Messias Lopes é acusado de abusar sexualmente de uma menor de 13 anos e foi denunciado – Foto: Alexandre Lima/Arquivo

Decisão considerou que pretensão “não se coaduna com as medidas cautelares impostas” e também impôs limitações a participação em solenidade de posse e sessões.

O Juízo da Vara Criminal da Comarca de Brasiléia decidiu negar o pedido formulado pela defesa de M. M. R. L., vereador daquela municipalidade submetido a medidas cautelares genéricas pela suposta prática do crime de estupro de vulnerável, vedando, assim, sua participação em festividades de fim de ano fora do domicílio, bem como em solenidade de posse e sessões da Câmara Legislativa.

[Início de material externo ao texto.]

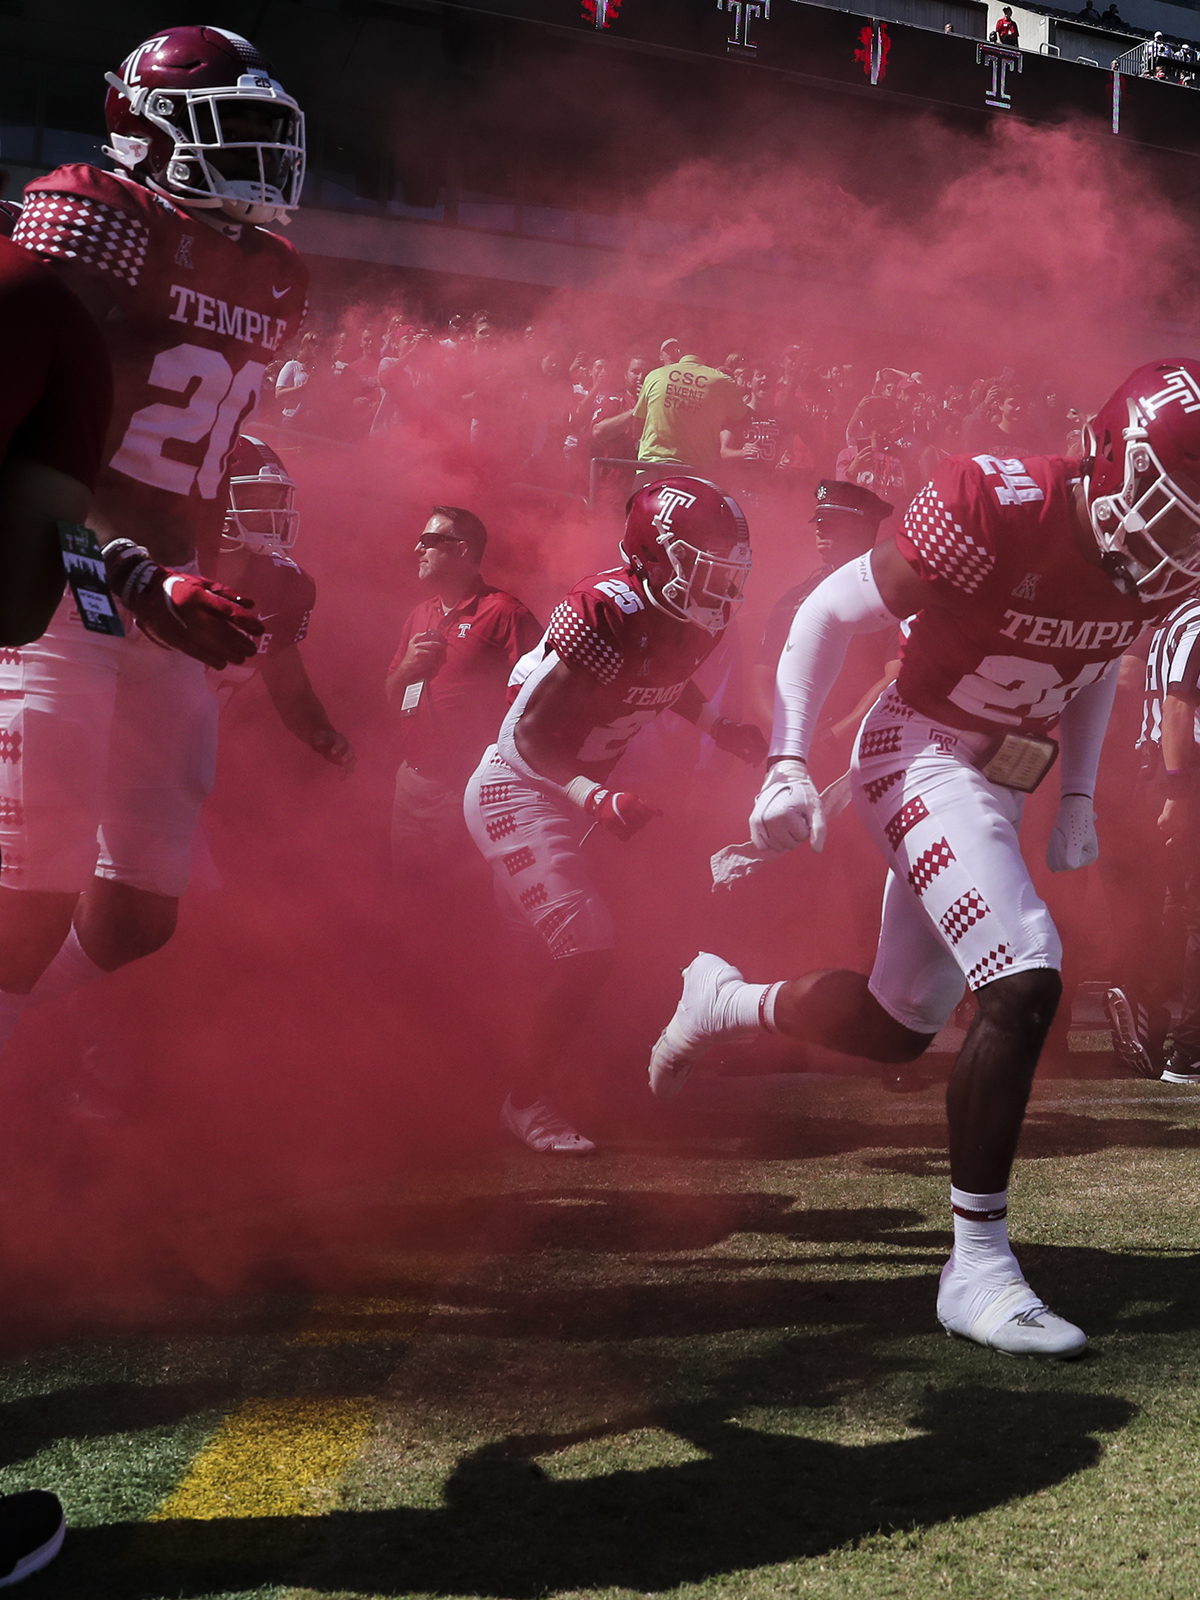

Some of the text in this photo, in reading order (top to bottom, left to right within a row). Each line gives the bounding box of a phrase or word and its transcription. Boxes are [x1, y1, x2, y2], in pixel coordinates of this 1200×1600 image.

[168, 284, 287, 351] TEMPLE
[665, 383, 706, 399] EVENT
[668, 369, 709, 389] CSC
[593, 578, 645, 615] 25

A decisão, do juiz de Direito Clóvis Lodi, publicada na edição nº 5.791 do Diário da Justiça Eletrônico (DJE, fl. 9), desta terça-feira (27), considerou que a intenção do acusado de “manter sua rotina com eventos na cidade, inclusive participando de festas (…) não se coaduna com as medidas cautelares impostas”, sendo que também não restaram comprovadas, nos autos, as datas e horários dos compromissos oficiais, bem como a necessária “imprescindibilidade de sua participação” nos eventos em questão.

Entenda o caso

Segundo os autos, M. M. foi submetido, por força de decisão judicial prolatada pelo Juízo da Vara Criminal da Comarca de Brasiléia, a medidas cautelares genéricas em processo no qual é investigado por suposta prática do crime de estupro de vulnerável (art. 217-A do Código Penal) contra uma garota de 13 anos de idade.

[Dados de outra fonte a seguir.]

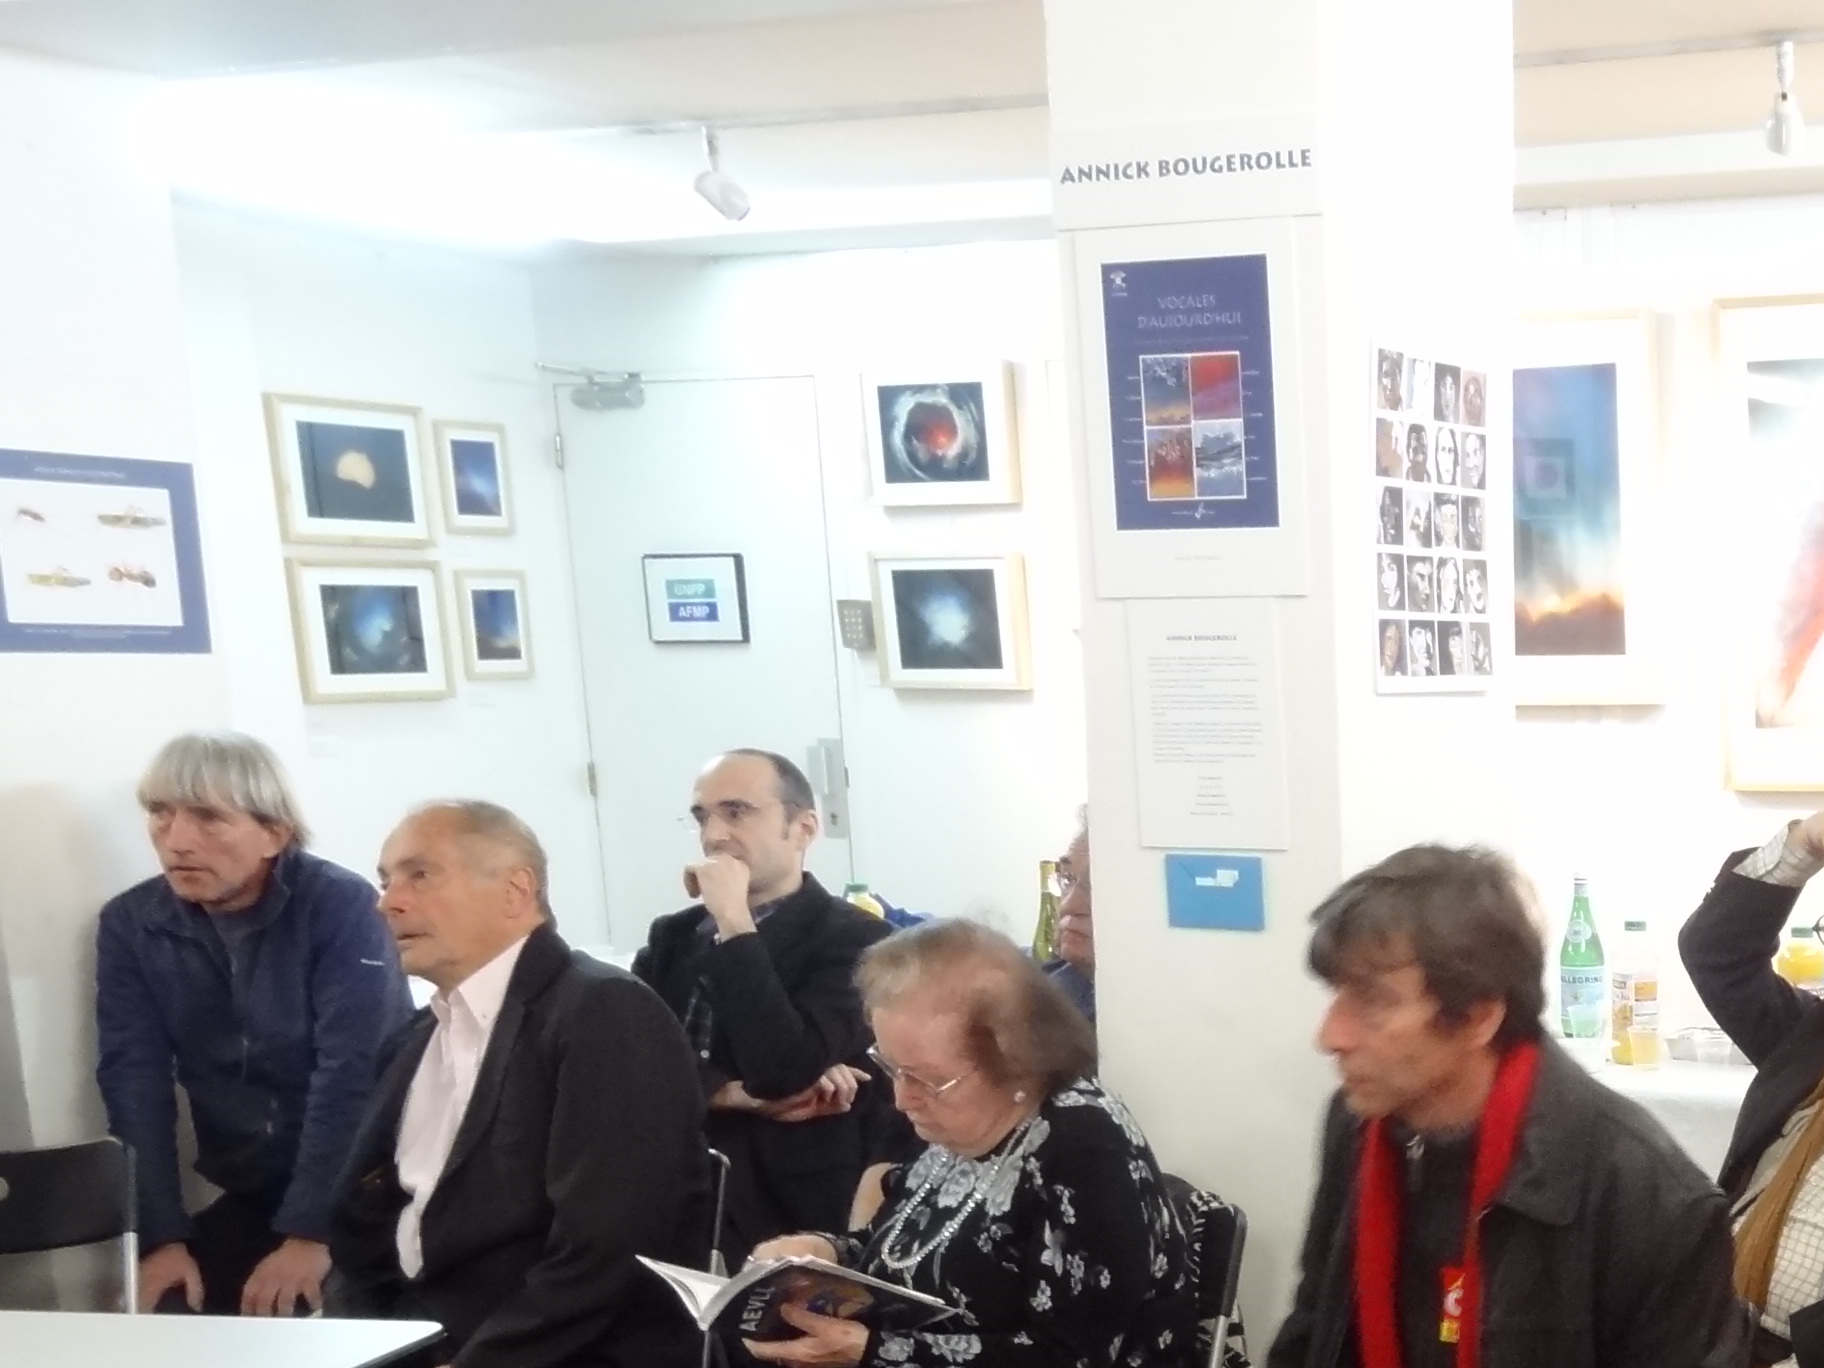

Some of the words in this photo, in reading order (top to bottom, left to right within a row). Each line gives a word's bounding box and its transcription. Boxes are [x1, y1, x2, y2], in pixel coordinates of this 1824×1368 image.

[1060, 160, 1150, 185] ANNICK
[1158, 148, 1312, 178] BOUGEROLLE
[1157, 293, 1216, 309] VOCALES

A decisão considerou, “em tese, presentes a materialidade delitiva e autoria”, bem como o chamado ‘fumus comissi delicti’ (a “fumaça da existência do delito”), a justificar a imposição das medidas cautelares genéricas em desfavor do investigado, que incluem desde a proibição de contato pessoal “ou por terceiros” com a suposta vítima, familiares e testemunhas ao recolhimento domiciliar obrigatório a partir das 19 horas.

A defesa, por sua vez, formulou pedido de autorização judicial para participação em festividades de fim de ano, na solenidade de posse dos vereadores e prefeito daquela municipalidade, bem como nas sessões ordinárias e extraordinárias da Câmara Municipal.

Decisão

O juiz de Direito Clóvis Lodi, ao analisar o pedido, entendeu que a pretensão do acusado em “manter sua rotina com eventos na cidade, inclusive participando de festas (…) não se coaduna com as medidas cautelares impostas”.

“Se o investigado tem interesse em participar de eventos, de se reunir com pessoas e participar de confraternizações, que o faça em sua residência, porquanto está sendo investigado pela suposta prática de crime hediondo (estupro de vulnerável) e com sua liberdade cerceada”, registrou o magistrado em sua decisão.

O titular da Vara Criminal da Comarca de Brasiléia também indeferiu o pedido de participação em solenidade de posse e sessões ordinárias e extraordinárias da Câmara Municipal, assinalando que o acusado não comprovou, por meio de documentação hábil, a data e horário de realização dos eventos, nem tampouco a necessária “imprescindibilidade de sua participação”.

Ainda cabe recurso da decisão junto a Câmara Criminal do Tribunal de Justiça do Acre.

Contato com advogado

O jornal oaltoacre.com, entrou em contato com seu advogado, Paulo Henrique Mazzali, via celular que comunicou que estaria em Porto Velho (RO), capital do estado vizinho de Rondônia. Disse que ainda não teria sido comunicado oficialmente da decisão e iria se pronunciar posteriormente, tão logo se inteirasse dos fatos.

Mais informações a qualquer momento.